INSTRUCTIONS FOR THE TASK: The whole of the data, every line, should come back exactly the same.

SUPPLIED DATA:
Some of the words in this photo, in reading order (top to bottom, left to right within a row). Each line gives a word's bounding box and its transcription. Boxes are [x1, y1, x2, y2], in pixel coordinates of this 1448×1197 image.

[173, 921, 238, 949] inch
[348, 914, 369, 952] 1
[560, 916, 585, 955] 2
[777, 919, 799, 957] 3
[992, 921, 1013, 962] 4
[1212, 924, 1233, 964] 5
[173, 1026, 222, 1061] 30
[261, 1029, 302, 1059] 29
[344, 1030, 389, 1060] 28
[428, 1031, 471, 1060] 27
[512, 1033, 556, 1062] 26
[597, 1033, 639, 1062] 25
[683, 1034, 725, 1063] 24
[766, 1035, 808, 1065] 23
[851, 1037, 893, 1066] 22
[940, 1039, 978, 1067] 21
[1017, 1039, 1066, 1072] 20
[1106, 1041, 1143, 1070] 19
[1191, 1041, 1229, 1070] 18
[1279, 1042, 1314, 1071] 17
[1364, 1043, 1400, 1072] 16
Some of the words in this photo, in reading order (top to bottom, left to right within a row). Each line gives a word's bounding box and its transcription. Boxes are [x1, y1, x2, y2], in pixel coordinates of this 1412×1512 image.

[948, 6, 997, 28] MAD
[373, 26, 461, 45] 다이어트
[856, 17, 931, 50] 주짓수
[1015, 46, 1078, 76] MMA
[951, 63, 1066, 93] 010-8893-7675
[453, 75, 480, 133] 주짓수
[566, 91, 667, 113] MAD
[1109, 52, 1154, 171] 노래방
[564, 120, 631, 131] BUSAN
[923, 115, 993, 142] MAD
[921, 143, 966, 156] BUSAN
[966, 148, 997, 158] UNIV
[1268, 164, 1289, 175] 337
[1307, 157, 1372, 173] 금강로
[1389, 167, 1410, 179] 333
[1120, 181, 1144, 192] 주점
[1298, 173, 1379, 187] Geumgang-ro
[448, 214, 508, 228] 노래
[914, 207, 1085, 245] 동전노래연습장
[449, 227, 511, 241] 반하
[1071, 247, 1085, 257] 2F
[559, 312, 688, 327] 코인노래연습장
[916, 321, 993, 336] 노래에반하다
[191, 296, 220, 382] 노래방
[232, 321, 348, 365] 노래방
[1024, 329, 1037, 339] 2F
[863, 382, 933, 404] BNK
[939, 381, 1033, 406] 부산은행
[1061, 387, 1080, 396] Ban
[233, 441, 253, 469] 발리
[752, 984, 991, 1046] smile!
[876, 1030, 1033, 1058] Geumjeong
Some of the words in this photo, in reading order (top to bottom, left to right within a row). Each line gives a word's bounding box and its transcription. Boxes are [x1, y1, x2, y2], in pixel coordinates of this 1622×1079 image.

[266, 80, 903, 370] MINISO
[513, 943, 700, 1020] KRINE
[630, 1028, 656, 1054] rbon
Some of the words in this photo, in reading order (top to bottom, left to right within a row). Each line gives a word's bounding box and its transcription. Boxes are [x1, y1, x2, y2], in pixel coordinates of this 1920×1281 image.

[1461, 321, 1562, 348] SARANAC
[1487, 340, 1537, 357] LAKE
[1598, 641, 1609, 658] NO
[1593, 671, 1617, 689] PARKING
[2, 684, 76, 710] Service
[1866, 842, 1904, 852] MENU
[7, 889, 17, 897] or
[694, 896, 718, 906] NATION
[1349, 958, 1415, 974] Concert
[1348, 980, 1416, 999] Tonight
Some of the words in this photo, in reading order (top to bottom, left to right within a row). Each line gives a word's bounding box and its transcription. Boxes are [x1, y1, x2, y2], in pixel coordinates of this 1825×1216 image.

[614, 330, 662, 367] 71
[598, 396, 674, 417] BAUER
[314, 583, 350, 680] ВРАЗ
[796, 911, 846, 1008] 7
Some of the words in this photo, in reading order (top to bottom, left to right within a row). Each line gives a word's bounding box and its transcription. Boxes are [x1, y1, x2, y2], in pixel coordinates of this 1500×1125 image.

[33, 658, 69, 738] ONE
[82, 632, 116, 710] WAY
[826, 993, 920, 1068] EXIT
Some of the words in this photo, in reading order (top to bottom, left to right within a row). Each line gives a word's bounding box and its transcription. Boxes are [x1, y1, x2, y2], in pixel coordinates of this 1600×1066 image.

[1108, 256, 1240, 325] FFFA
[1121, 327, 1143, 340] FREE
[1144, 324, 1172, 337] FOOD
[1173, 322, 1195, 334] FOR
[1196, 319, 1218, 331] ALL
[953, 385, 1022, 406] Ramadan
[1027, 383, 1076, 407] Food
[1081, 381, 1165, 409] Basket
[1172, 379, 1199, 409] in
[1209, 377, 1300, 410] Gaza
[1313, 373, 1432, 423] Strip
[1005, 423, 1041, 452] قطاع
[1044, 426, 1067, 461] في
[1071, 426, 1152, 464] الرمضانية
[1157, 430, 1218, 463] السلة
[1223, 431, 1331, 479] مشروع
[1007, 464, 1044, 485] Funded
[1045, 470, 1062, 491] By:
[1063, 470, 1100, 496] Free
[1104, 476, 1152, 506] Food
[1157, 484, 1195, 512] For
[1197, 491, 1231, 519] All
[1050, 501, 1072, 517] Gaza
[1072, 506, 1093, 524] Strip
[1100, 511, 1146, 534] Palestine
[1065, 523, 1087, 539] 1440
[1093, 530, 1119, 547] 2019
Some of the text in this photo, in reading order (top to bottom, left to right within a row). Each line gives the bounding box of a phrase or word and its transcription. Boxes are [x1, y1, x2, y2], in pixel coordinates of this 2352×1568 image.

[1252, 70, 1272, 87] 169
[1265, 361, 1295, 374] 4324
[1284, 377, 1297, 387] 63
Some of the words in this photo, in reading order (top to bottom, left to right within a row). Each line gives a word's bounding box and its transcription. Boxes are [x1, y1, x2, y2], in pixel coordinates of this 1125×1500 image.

RESPONSE TO THIS TASK:
Some of the words in this photo, in reading order (top to bottom, left to right within a row). Each line gives a word's bounding box and its transcription. Boxes are [x1, y1, x2, y2], in pixel coordinates of this 1448×1197 image.

[173, 921, 238, 949] inch
[348, 914, 369, 952] 1
[560, 916, 585, 955] 2
[777, 919, 799, 957] 3
[992, 921, 1013, 962] 4
[1212, 924, 1233, 964] 5
[173, 1026, 222, 1061] 30
[261, 1029, 302, 1059] 29
[344, 1030, 389, 1060] 28
[428, 1031, 471, 1060] 27
[512, 1033, 556, 1062] 26
[597, 1033, 639, 1062] 25
[683, 1034, 725, 1063] 24
[766, 1035, 808, 1065] 23
[851, 1037, 893, 1066] 22
[940, 1039, 978, 1067] 21
[1017, 1039, 1066, 1072] 20
[1106, 1041, 1143, 1070] 19
[1191, 1041, 1229, 1070] 18
[1279, 1042, 1314, 1071] 17
[1364, 1043, 1400, 1072] 16
Some of the words in this photo, in reading order (top to bottom, left to right within a row). Each line gives a word's bounding box and its transcription. Boxes are [x1, y1, x2, y2], in pixel coordinates of this 1412×1512 image.

[948, 6, 997, 28] MAD
[373, 26, 461, 45] 다이어트
[856, 17, 931, 50] 주짓수
[1015, 46, 1078, 76] MMA
[951, 63, 1066, 93] 010-8893-7675
[453, 75, 480, 133] 주짓수
[566, 91, 667, 113] MAD
[1109, 52, 1154, 171] 노래방
[564, 120, 631, 131] BUSAN
[923, 115, 993, 142] MAD
[921, 143, 966, 156] BUSAN
[966, 148, 997, 158] UNIV
[1268, 164, 1289, 175] 337
[1307, 157, 1372, 173] 금강로
[1389, 167, 1410, 179] 333
[1120, 181, 1144, 192] 주점
[1298, 173, 1379, 187] Geumgang-ro
[448, 214, 508, 228] 노래
[914, 207, 1085, 245] 동전노래연습장
[449, 227, 511, 241] 반하
[1071, 247, 1085, 257] 2F
[559, 312, 688, 327] 코인노래연습장
[916, 321, 993, 336] 노래에반하다
[191, 296, 220, 382] 노래방
[232, 321, 348, 365] 노래방
[1024, 329, 1037, 339] 2F
[863, 382, 933, 404] BNK
[939, 381, 1033, 406] 부산은행
[1061, 387, 1080, 396] Ban
[233, 441, 253, 469] 발리
[752, 984, 991, 1046] smile!
[876, 1030, 1033, 1058] Geumjeong
Some of the words in this photo, in reading order (top to bottom, left to right within a row). Each line gives a word's bounding box and its transcription. Boxes are [x1, y1, x2, y2], in pixel coordinates of this 1622×1079 image.

[266, 80, 903, 370] MINISO
[513, 943, 700, 1020] KRINE
[630, 1028, 656, 1054] rbon
Some of the words in this photo, in reading order (top to bottom, left to right within a row). Each line gives a word's bounding box and its transcription. Boxes are [x1, y1, x2, y2], in pixel coordinates of this 1920×1281 image.

[1461, 321, 1562, 348] SARANAC
[1487, 340, 1537, 357] LAKE
[1598, 641, 1609, 658] NO
[1593, 671, 1617, 689] PARKING
[2, 684, 76, 710] Service
[1866, 842, 1904, 852] MENU
[7, 889, 17, 897] or
[694, 896, 718, 906] NATION
[1349, 958, 1415, 974] Concert
[1348, 980, 1416, 999] Tonight
Some of the words in this photo, in reading order (top to bottom, left to right within a row). Each line gives a word's bounding box and its transcription. Boxes are [x1, y1, x2, y2], in pixel coordinates of this 1825×1216 image.

[614, 330, 662, 367] 71
[598, 396, 674, 417] BAUER
[314, 583, 350, 680] ВРАЗ
[796, 911, 846, 1008] 7
Some of the words in this photo, in reading order (top to bottom, left to right within a row). Each line gives a word's bounding box and its transcription. Boxes are [x1, y1, x2, y2], in pixel coordinates of this 1500×1125 image.

[33, 658, 69, 738] ONE
[82, 632, 116, 710] WAY
[826, 993, 920, 1068] EXIT
Some of the words in this photo, in reading order (top to bottom, left to right within a row). Each line gives a word's bounding box and its transcription. Boxes are [x1, y1, x2, y2], in pixel coordinates of this 1600×1066 image.

[1108, 256, 1240, 325] FFFA
[1121, 327, 1143, 340] FREE
[1144, 324, 1172, 337] FOOD
[1173, 322, 1195, 334] FOR
[1196, 319, 1218, 331] ALL
[953, 385, 1022, 406] Ramadan
[1027, 383, 1076, 407] Food
[1081, 381, 1165, 409] Basket
[1172, 379, 1199, 409] in
[1209, 377, 1300, 410] Gaza
[1313, 373, 1432, 423] Strip
[1005, 423, 1041, 452] قطاع
[1044, 426, 1067, 461] في
[1071, 426, 1152, 464] الرمضانية
[1157, 430, 1218, 463] السلة
[1223, 431, 1331, 479] مشروع
[1007, 464, 1044, 485] Funded
[1045, 470, 1062, 491] By:
[1063, 470, 1100, 496] Free
[1104, 476, 1152, 506] Food
[1157, 484, 1195, 512] For
[1197, 491, 1231, 519] All
[1050, 501, 1072, 517] Gaza
[1072, 506, 1093, 524] Strip
[1100, 511, 1146, 534] Palestine
[1065, 523, 1087, 539] 1440
[1093, 530, 1119, 547] 2019
Some of the text in this photo, in reading order (top to bottom, left to right within a row). Each line gives the bounding box of a phrase or word and its transcription. Boxes are [x1, y1, x2, y2], in pixel coordinates of this 2352×1568 image.

[1252, 70, 1272, 87] 169
[1265, 361, 1295, 374] 4324
[1284, 377, 1297, 387] 63
Some of the words in this photo, in reading order (top to bottom, left to right within a row). Each line gives a word's bounding box and its transcription. Boxes are [x1, y1, x2, y2], in pixel coordinates of this 1125×1500 image.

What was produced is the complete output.